Bedivere spoke again. “Most likely, if Rome does attack us, the Pope will decry the act, but do no more than that. If he seeks to make a peace and in the process casts both Rome and Camelot as equal transgressors, that will suit New Rome nicely, so long as they have already made gains.”
They pondered this. The only sound was the hissing of the fire as it fed on the last of the winter logs. Lucan sat closest to the flames, his chin propped on his fist.
“You’re unusually quiet, Sir Lucan,” the King said.
Lucan glanced up. “Forgive me, sire.”
“You have more important things on your mind?”
Lucan was conscious t
hat all eyes were fixed on him, yet felt strangely unmoved. He did have other things on his mind, but he wasn’t going to air them here.
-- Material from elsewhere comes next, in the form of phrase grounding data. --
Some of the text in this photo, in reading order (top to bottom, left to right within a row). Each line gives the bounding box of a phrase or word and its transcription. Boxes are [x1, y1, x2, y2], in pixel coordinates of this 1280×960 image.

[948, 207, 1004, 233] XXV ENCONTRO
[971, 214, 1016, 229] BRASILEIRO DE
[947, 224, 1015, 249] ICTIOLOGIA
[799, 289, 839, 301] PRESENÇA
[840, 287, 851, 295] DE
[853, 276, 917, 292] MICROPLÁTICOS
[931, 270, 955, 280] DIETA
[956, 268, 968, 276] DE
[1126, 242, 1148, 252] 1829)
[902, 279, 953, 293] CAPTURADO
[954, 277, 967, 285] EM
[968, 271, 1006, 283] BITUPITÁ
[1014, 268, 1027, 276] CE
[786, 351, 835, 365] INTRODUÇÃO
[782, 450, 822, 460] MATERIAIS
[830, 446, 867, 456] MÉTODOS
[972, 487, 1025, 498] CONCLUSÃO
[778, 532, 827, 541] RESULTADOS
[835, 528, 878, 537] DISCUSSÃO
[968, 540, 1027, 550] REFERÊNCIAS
When he finally addressed the matter at hand it was with simple pragmatism.
“As I see it, my liege, tomorrow we must decide whether we are hawks or doves.”
“Indeed?”
Lucan continued. “The Romans have arrived with smiling faces. But that is the way their murderers always arrived. Julius Caesar discovered that.”
“And?”
“To avoid a similar fate, we must know exactly what our own intentions are.” He spoke slowly, thoughtfully. “If we are doves, and conciliate with New Rome… it may be deemed a sign of weakness, and may encourage them to attack.”
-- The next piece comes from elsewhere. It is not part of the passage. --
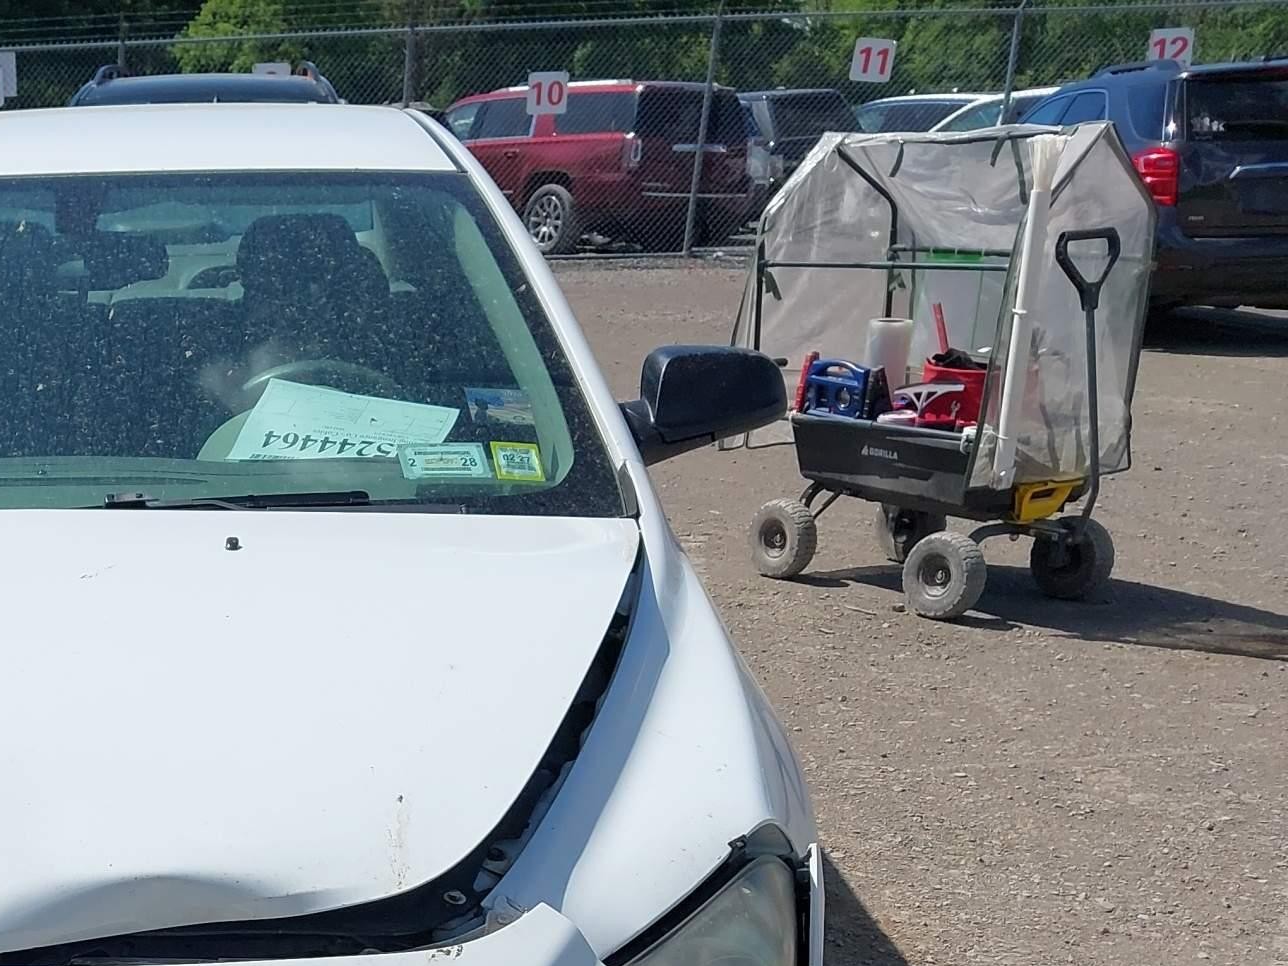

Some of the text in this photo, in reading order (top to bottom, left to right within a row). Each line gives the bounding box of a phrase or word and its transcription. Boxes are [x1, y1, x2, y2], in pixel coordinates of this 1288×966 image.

“It may also confuse them,” Cador argued. “It may counter the intelligence their spies have no doubt gleaned that we are a strong island, not to be trifled with.”
“That too,” Lucan agreed. “It’s a thorny issue. Equally so if we are hawks, and threaten resistance. That may frighten them into retreating, or it may provoke them.”
“And your recommendation?” Arthur asked.
Lucan sighed. “I wonder if it’s even worthwhile playing their silly game. I anticipate that New Rome will make many offers to us tomorrow, none of which we will find acceptable. They will prod us and provoke us, to test our reaction.”
“I expect so too,” Arthur said.
“Then my recommendation, sire, is that we resist. In no-nonsense fashion. As Lancelot pointed out, Emperor Lucius has backed himself into a corner. He must ultimately be prepared to fight. This positioning and re-positioning on the European chessboard is merely a device by which he can gain maximum advantage… militarily, politically, probably both.”
“So you advise that we be hawks?” Arthur said.
“It’s not something I want, sire. But life in the North has taught me a lesson the Romans learned a long time ago; namely, that it isn’t the righteous who take everything, it’s the ruthless. We may have right on our side, but that won’t be enough. If we don’t show a willingness to fight, they will continue with this intimidation, growing ever more belligerent and, presumably, ever stronger.”